The switch from analog magnetic tracks to digital workstations has brought about a big change in the role of dialogue editor. There was no signal processing available at all, and when cutting mag tracks the only way to make a fade on a track was to scrape the emulsion off of the film. Contemplate that. Dialogue editors are now expected to not only cut the tracks, but also to build fades and combine tracks, to do obvious volume graphing and even some signal processing—things which they never had to worry about in the analogue world.

Tom Fleishman, rerecording mixer
Gangs of New York

Film Production Models

In this chapter we'll look briefly at different ways of shooting and posting films—defined either by history, by budget, or by taste. These examples are simplified, but ought to give you an idea of where moviemaking workflows are similar and where they differ. To make sense of things, I've divided modern film history into three periods. Admittedly, these divisions are somewhat arbitrary, but hopefully this model will help to understand the line connecting how we did things with how we do things.

1 Classic film model Shoot film at 24 fps, edit picture and sound on film, mix and release on film. This workflow largely petered out in the midtolate 1990s, although it's still in use.

2 Film/video hybrid model Shoot film or digital at 24 fps (or 23.976 fps), transfer film or other capture media to video or video-based file (video reference and video frame rate). Edit picture and sound, working at “real” 24 fps speed, but within a video “envelope”—PAL or NTSC, depending on where you live or work. Mix the same way, and release on film at 24 fps. This way of working began in the late 1970s and pieces of it are still incorporated into the current filmmaking pipeline.

3 Digital Cinema and other high-definition formats Shoot film or high definition at 24 fps (or 23.976 fps), maintain 24 fps (or 23.976 fps) throughout entire postproduction process (well, sort of), release on film or DCP at 24 fps. This workflow is becoming the norm, and much of the “hybrid” model is integrated into it.

Classic Film Workflow

Even the most modern moviemaking workflows are built upon the classic film model. Details change, numbers go up or down, but squint your eyes and you'll find yourself working the way they did when your grandparents went to the movies. With that in mind, you need to study the classic workflow even though you'll likely never touch a piece of film.

Since the advent of magnetic recording in the late 1950s and industry acceptance of magnetic sound film a short time later, the workflow shown in Figure 3.1 has been the model for making movie sound. Despite the overwhelming acceptance of video and Digital Cinema, there are still films made in this manner or that use big chunks of this model in their production.

The Film Shoot

During the shoot, the camera uses synchronous motors to maintain an exact speed of 24 frames per second (fps).1 On the sound side, the mono Nagra recorder (or stereo Nagra with FM pilot or stereo Nagra with timecode) records a 50 Hz or 60 Hz pilot tone onto the tape along with the audio.

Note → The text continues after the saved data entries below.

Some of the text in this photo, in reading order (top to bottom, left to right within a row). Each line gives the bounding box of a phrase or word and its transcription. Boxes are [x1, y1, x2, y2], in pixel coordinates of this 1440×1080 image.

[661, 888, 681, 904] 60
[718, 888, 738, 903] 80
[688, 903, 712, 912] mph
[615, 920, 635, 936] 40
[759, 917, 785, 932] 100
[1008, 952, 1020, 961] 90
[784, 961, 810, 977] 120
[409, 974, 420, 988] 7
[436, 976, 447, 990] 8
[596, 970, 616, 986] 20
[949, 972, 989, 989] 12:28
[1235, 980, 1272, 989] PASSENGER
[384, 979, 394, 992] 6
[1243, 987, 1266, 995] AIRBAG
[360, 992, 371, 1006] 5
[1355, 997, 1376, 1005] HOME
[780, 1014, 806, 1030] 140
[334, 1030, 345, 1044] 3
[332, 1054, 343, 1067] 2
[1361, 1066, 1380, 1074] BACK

When it's time to shoot, you'll hear “Roll sound!” from the assistant director. The sound always starts first because (1) it takes longer for a Nagra than a camera to get up to speed, and (2) tape is much cheaper than film so no one complains about a little bit of it being wasted. Once the Nagra is locked at the proper speed, indicated by a flag on its front panel, the location mixer will say something to the effect of “Sound speeding.” Next comes the camera.

When the set, the actors, the background actors, and the photography department are absolutely ready, the assistant director will call “Roll camera!” In comes the clapper/loader, who has written the appropriate scene and take information on the slate. She stands in a place visible to the camera and audible to the microphone and verbally announces the upcoming shot. When the camera is running and locked, the camera assistant will announce, “Camera speeding.” At this point, the clapper/loader will call “Marker!” to let the world know that the clap is soon to happen (see Figure 3.2). One gentle smack of the clapper, and the deaf film camera and the blind Nagra have what it takes to find their sync in postproduction.

The Film Lab

At the end of a shooting day, or at some other sensible interval, the clapper/loader gathers up the exposed negative, labels it, and sends it to the lab for processing. The lab develops all of the negative, but to reduce costs only the takes selected by the director during the shoot are printed for screening and editing (hence the familiar command: “Cut! Print it!”). These


Figure 3.1 Workflow of an analogue project shot on film and edited with the film workprint and magnetic sound film.


Figure 3.2 Clapperboard. (Photo by Matt Batchelor)

selected takes arrive at the picture cutting room in the form of positive 35 mm workprints, which will soon be organized by scene and slate, or whatever other system the picture editor chooses. But not just yet.

The ¼″ Nagra tapes, or sound rolls, are transferred to 35 mm mag stripe. To ensure that they're played back at precisely the same speed they were recorded at, a resolver attached to the Nagra compares the pilot tone recorded on the tape with the mains frequency (50 or 60 Hz) and slews the tape to the right speed. For the rest of the postproduction process, whenever sound and picture must be interlocked, the mains frequency serves as the common clock.

The Picture Cutting Room

Back in the picture cutting room, the assistant picture editor uses the slate information and claps to synchronize picture with sound. The lab rolls are broken into a more sensible order, usually by scene, and then leaders with start marks are added. Each picture/sound pair of rolls is coded with a unique series number, a several digit edge code stamped at fixed intervals on the workprint. Once printed, the edge code information is entered into the “Code Book,” a vast (usually hand-written) database also home to the scene/shot/take data for the entire film—vital for locating alternate shots, reprinting shots, and keeping things in order. Now the director and editor will sequester themselves in the cutting room for weeks or months, finally emerging with a more or less finished picture.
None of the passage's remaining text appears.